This week's loss puts the metal firmly on track to post its biggest annual loss in 32 years.
Spot gold fell to a fresh 6-month low of $1,185.10 an ounce earlier on Friday, before clawing back some ground to $1,196.06 by 0343 GMT due to bargain-hunting.
Analysts and traders say charts and sentiment remain bearish, with gold at risk of falling further.
"Asian trading volumes are really thin so I don't expect much movement (immediately). But through the day I think we could take out the year-lows," a Hong Kong-based precious metals trader said late in the morning.
"Sentiment took a real beating yesterday. Many people were surprised with the delayed reaction to the taper news. I wouldn't be surprised if we end the year below $1,200."
On Wednesday, the day of the Fed announcement of a $10 billion cut in its monthly bond purchases, gold fell 1 percent.

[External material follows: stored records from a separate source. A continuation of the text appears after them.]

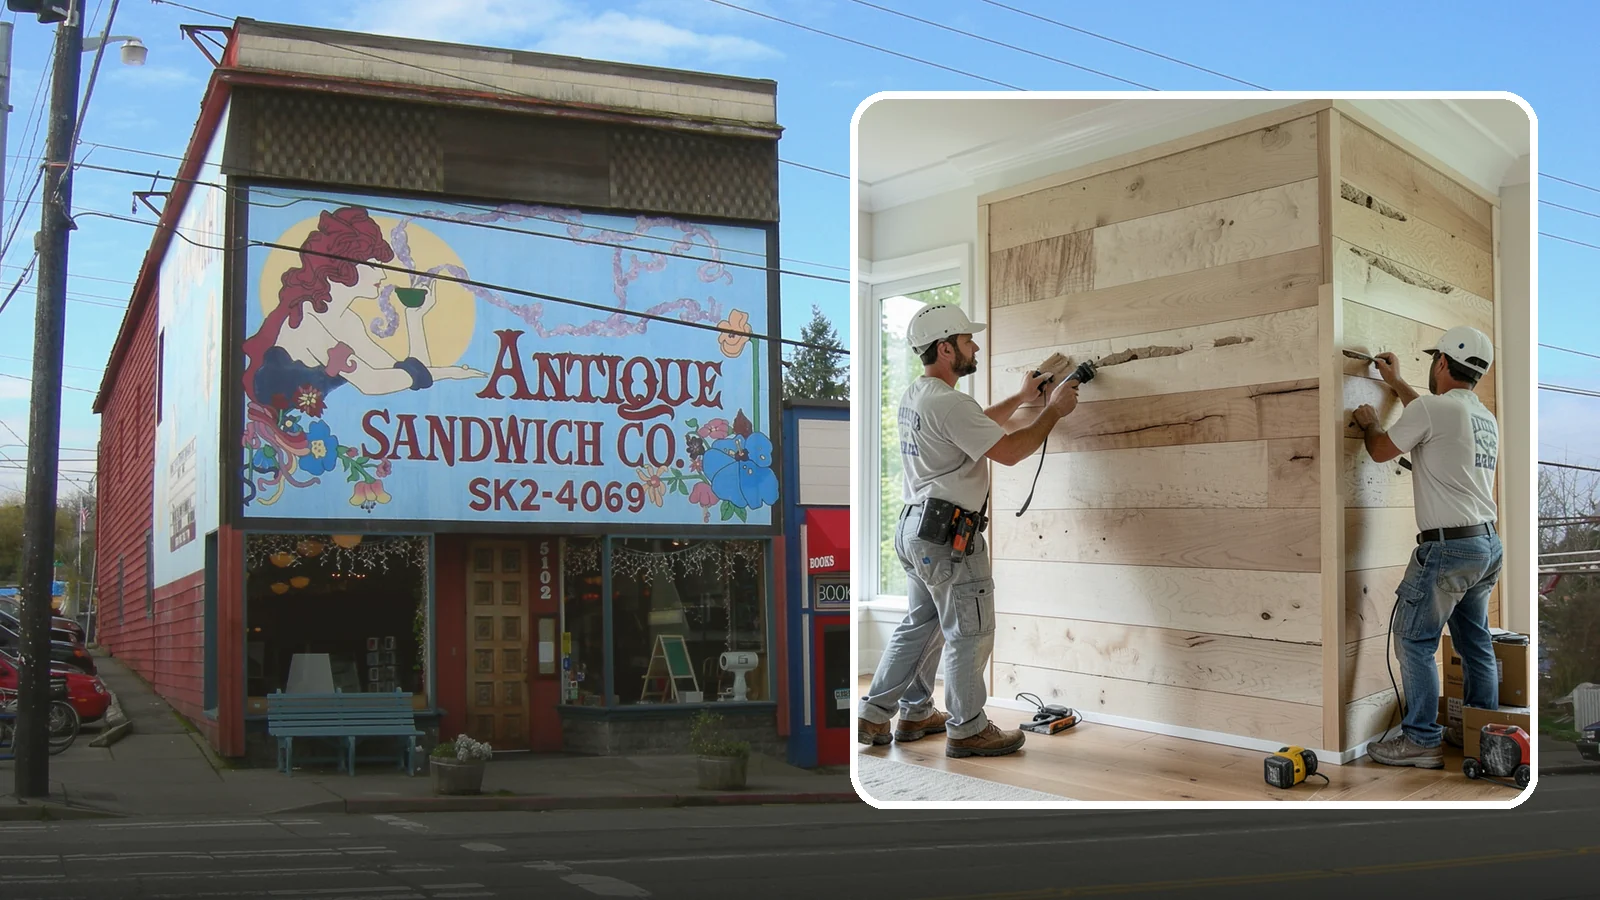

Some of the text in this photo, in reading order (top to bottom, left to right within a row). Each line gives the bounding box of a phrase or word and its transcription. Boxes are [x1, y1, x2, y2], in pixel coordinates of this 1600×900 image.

[475, 328, 724, 420] ANTIQUE
[361, 408, 685, 469] SANDWICH CO.
[468, 476, 646, 513] SK2-4069
[540, 541, 551, 599] 5102
[809, 555, 835, 569] BOOKS

But the selling picked up on Thursday, with the metal losing 2 percent, close to the 2013 low of $1,180.71 in late June - which is also the lowest since 2010.
Gold has lost about 3 percent for the week, and 29 percent for the year.
The Fed's $85 billion in monthly bond purchases, along with other monetary stimulus measures, had fuelled a big run-up in gold prices in the last few years, with the metal hitting an all-time high of $1,920.30 in 2011.
However, with an improving economy and stubborn low-inflation in the United States, gold's appeal has dropped off.
"Gold dropped through multiple key technical levels yesterday and shows little tendency to rebound," Phillip Futures analysts wrote in a note. "We expect prices to consolidate briefly but remain pressured to make new lows below $1,180.71."
SPDR Gold Trust, the world's largest gold-backed exchange-traded fund, said its holdings fell 3.90 tonnes to 808.72 tonnes on Thursday, the lowest in nearly five years.
Outflows from the top eight gold ETFs have totalled about 720 tonnes as investors channel more money to equities.
Physical demand failed to pick up in a big way despite the drop in prices, another sign that consumers expect more price falls.